We wish to comment on the report by Baba et al.[1] The authors measured the activity of several kinases that are involved in the regulation of hypertrophy and apoptosis in the failing human heart before and after mechanical unloading with a left ventricular assist device (LVAD)[1]. They found that the activity of Erks and Akt in the failing human heart decreased after LVAD support, while that of glycogen synthase kinase-3h (GSK-3h) increased. These changes were independent of the decrease in TUNNEL positivity and the decrease in myocyte size. In addition, the authors showed an endo/epicardial gradient for Erk activity in the failing human heart. They go on to conclude that Erks and Akt/GSK-3h are sensitive molecular markers of reverse remodeling under LVAD support. In order to address mechanisms of reverse remodeling, the first condition is the ability to obtain reproducible results. This condition is not easily met in the failing human heart.

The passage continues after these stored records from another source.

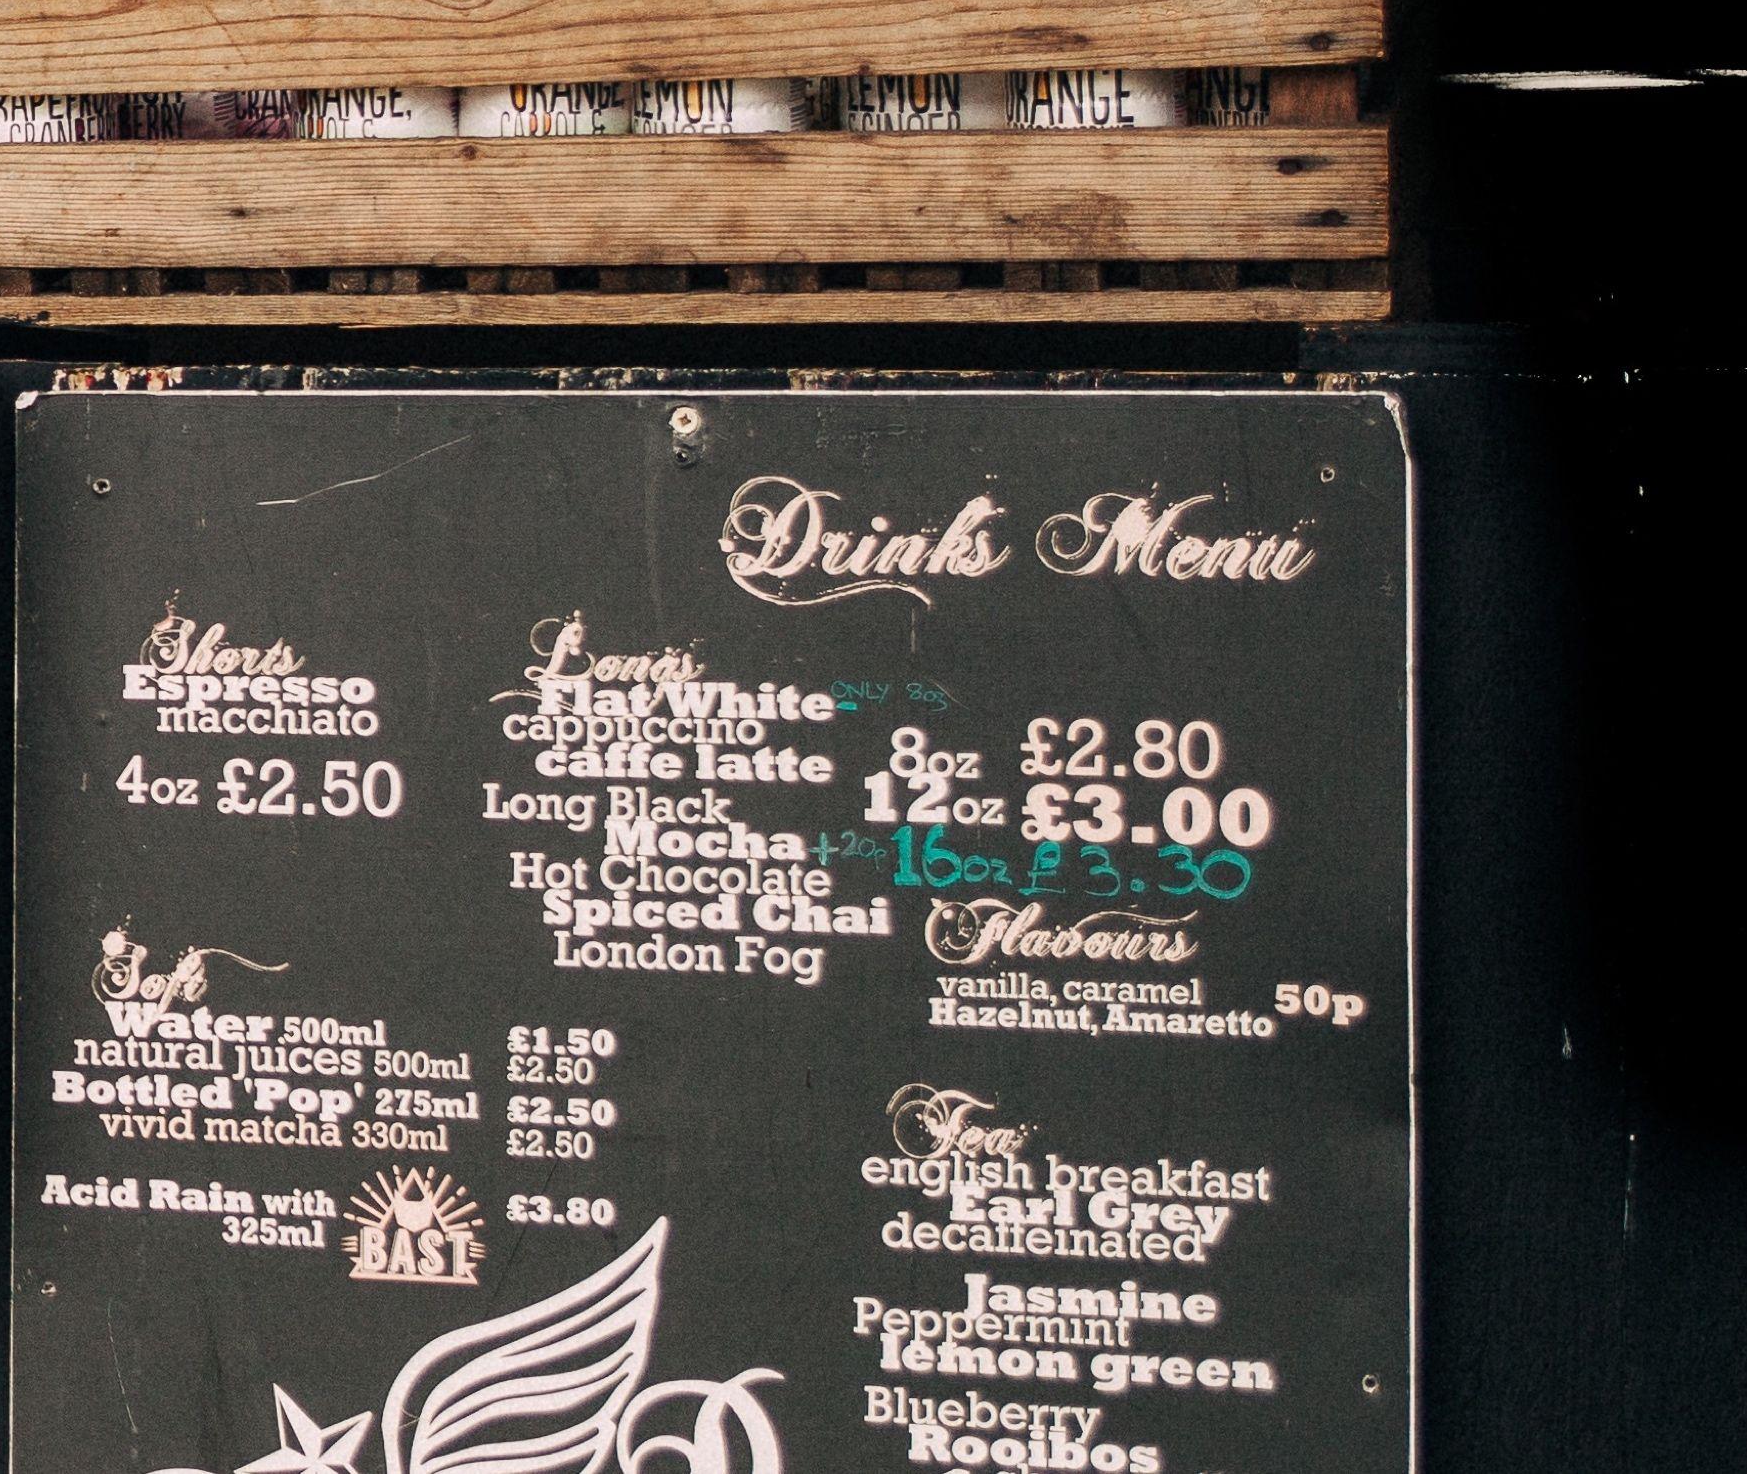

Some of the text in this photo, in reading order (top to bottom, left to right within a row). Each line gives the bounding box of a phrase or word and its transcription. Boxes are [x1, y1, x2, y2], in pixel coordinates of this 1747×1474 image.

[634, 79, 733, 124] LEMON
[847, 73, 961, 114] LEMON
[1005, 69, 1135, 126] ORANGE
[719, 475, 1317, 606] Drinks Menu
[140, 612, 306, 676] Shorts
[122, 663, 377, 713] Espresso
[537, 678, 838, 723] Flat White
[156, 700, 380, 738] macchiato
[502, 712, 766, 752] cappuccino
[534, 740, 837, 783] caffe latte
[887, 716, 1226, 780] 8oz £2.80
[115, 754, 404, 818] 4oz £2.50
[481, 782, 734, 832] Long Black
[862, 770, 1274, 848] 12oz £3.00
[603, 819, 806, 861] Mocha
[890, 823, 1014, 889] 16oz
[509, 851, 832, 897] Hot Chocolate
[542, 887, 893, 937] Spiced Chai
[924, 896, 1200, 966] Flavours
[553, 930, 826, 987] London Fog
[935, 970, 1202, 1007] vanilla, caramel
[1273, 983, 1365, 1026] 50p
[104, 1000, 274, 1044] Water
[506, 1025, 617, 1057] £1.50
[928, 996, 1274, 1039] Hazelnut, Amaretto
[73, 1036, 473, 1081] natural juices 500ml
[506, 1054, 596, 1086] £2.50
[51, 1069, 481, 1122] Bottled 'Pop' 275ml
[506, 1095, 617, 1127] £2.50
[98, 1106, 449, 1152] vivid matcha 330ml
[506, 1128, 596, 1160] £2.50
[885, 1082, 1026, 1160] Tea
[40, 1174, 338, 1218] Acid Rain with
[859, 1149, 1274, 1203] english breakfast
[221, 1216, 326, 1249] 325ml
[506, 1193, 617, 1227] £3.80
[948, 1183, 1231, 1245] Earl Grey
[359, 1225, 476, 1277] BAST
[880, 1210, 1208, 1263] decaffeinated
[852, 1295, 1132, 1349] Peppermint
[962, 1271, 1219, 1324] Jasmine
[879, 1331, 1276, 1393] lemon green
[863, 1384, 1102, 1444] Blueberry
[907, 1422, 1161, 1474] Rooibos
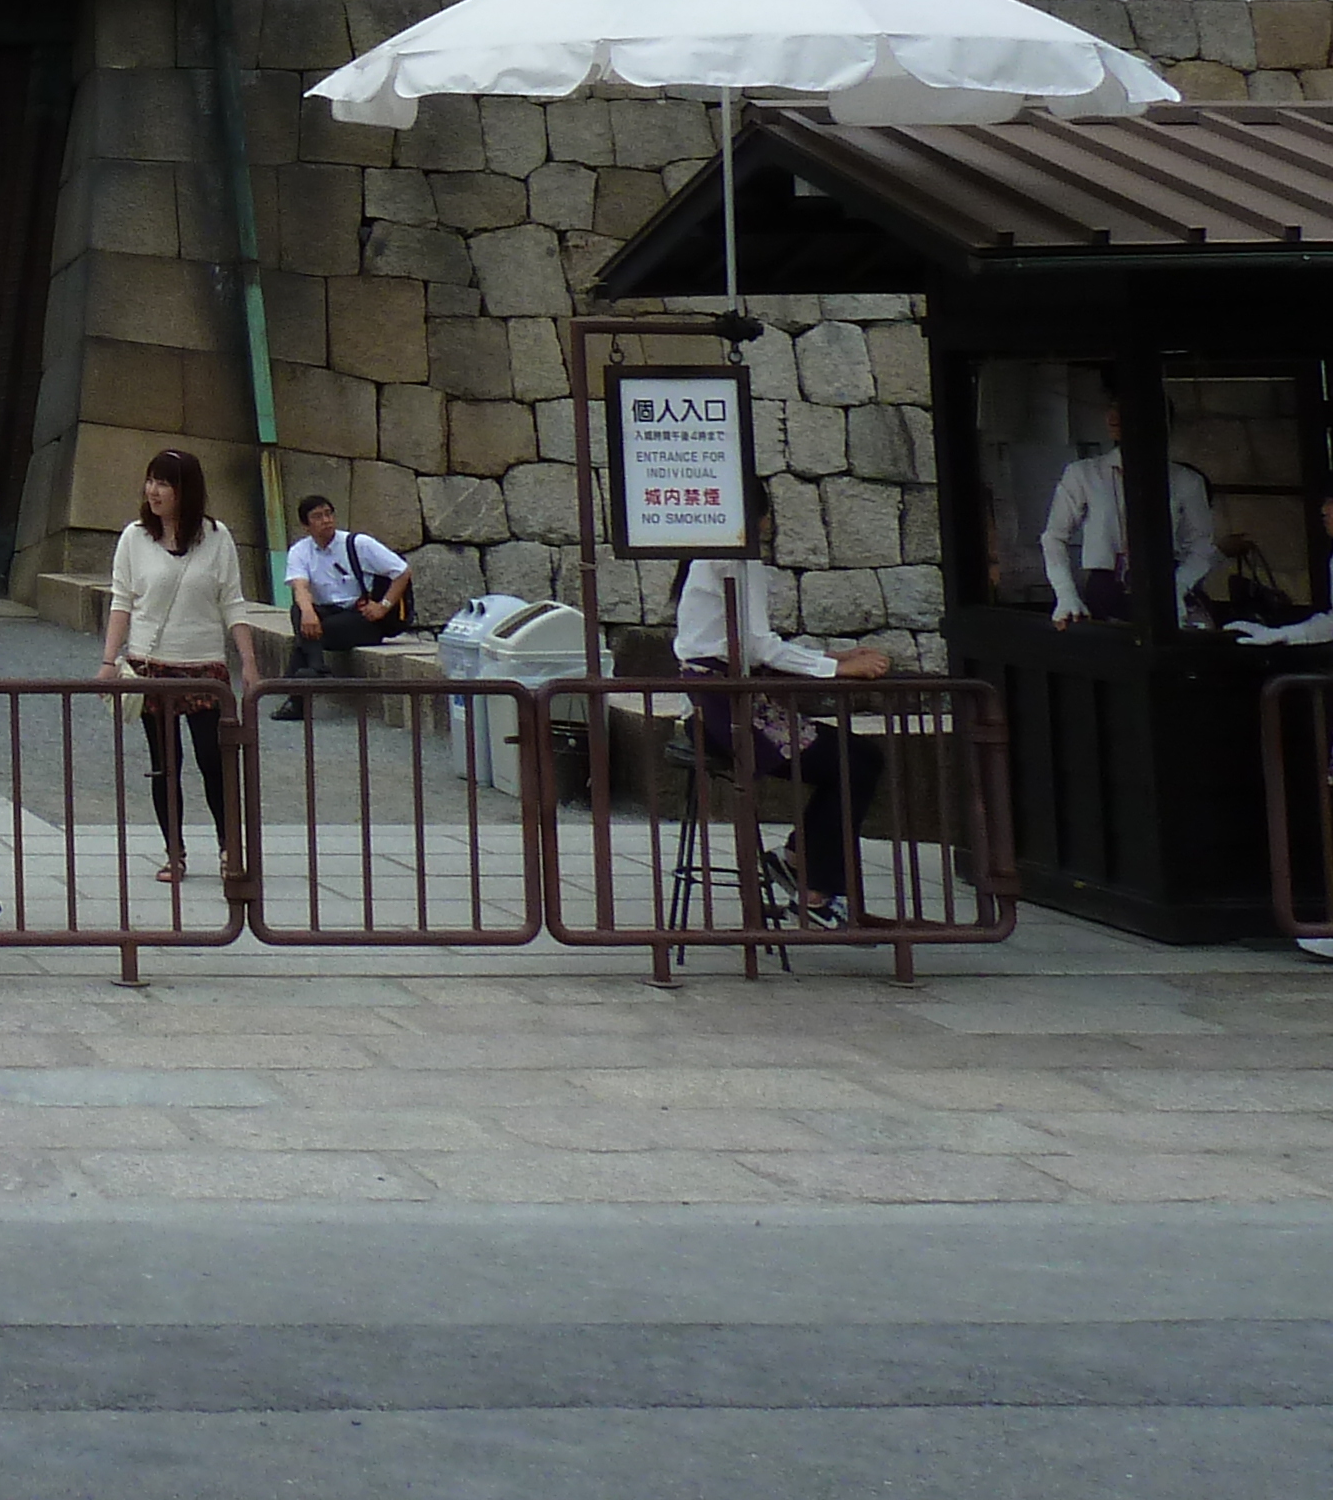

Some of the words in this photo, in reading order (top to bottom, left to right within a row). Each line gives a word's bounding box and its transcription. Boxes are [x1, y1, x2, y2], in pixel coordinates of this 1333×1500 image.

[632, 398, 726, 423] 個人入口
[636, 451, 697, 463] ENTRANCE
[702, 451, 725, 462] FOR
[646, 467, 717, 479] INDIVIDUAL
[644, 488, 720, 506] 城内禁煙
[642, 513, 660, 524] NO
[665, 513, 726, 525] SMOKING
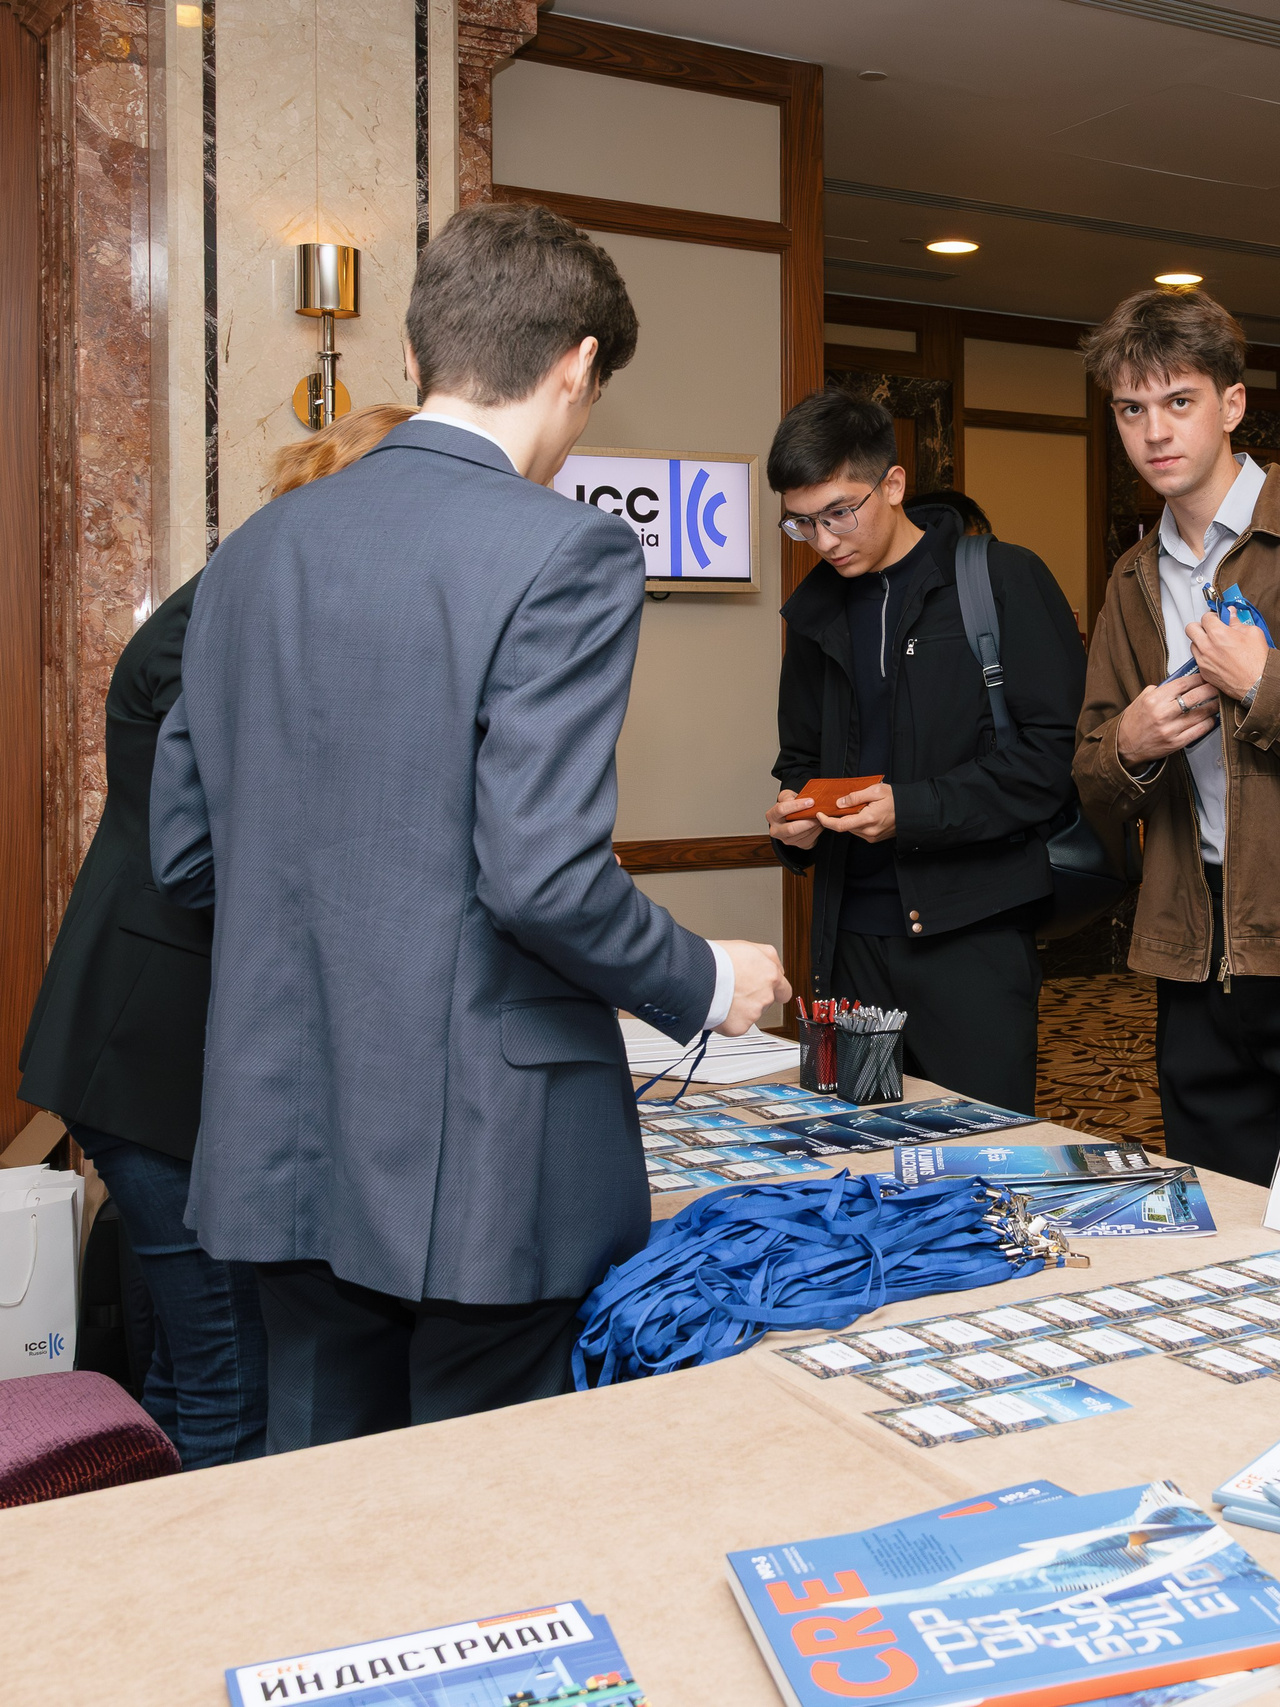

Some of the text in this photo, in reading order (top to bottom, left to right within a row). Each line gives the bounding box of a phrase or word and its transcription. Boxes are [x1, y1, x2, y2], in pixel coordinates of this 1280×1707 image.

[25, 1340, 48, 1352] ICC
[28, 1349, 48, 1358] Russia
[1235, 1472, 1263, 1490] CRE
[765, 1570, 919, 1699] CRE
[256, 1660, 312, 1679] CRE
[260, 1619, 575, 1702] ИНДАСТРИАЛ

We have recently investigated the activity of the Akt/GSK-3h pathway in the same setting as well [2]. Consistent with the study by Baba et al. we found a decrease in myocyte size and a decrease of phosphorylated Erk after mechanical unloading. However, we did not find any significant differences in the total amount or the phosphorylated fraction of Akt or GSK-3h. Our findings are consistent with a study by Chen et al.[3] that also did not find any significant changes in total or phosphorylated Akt protein after LVAD support.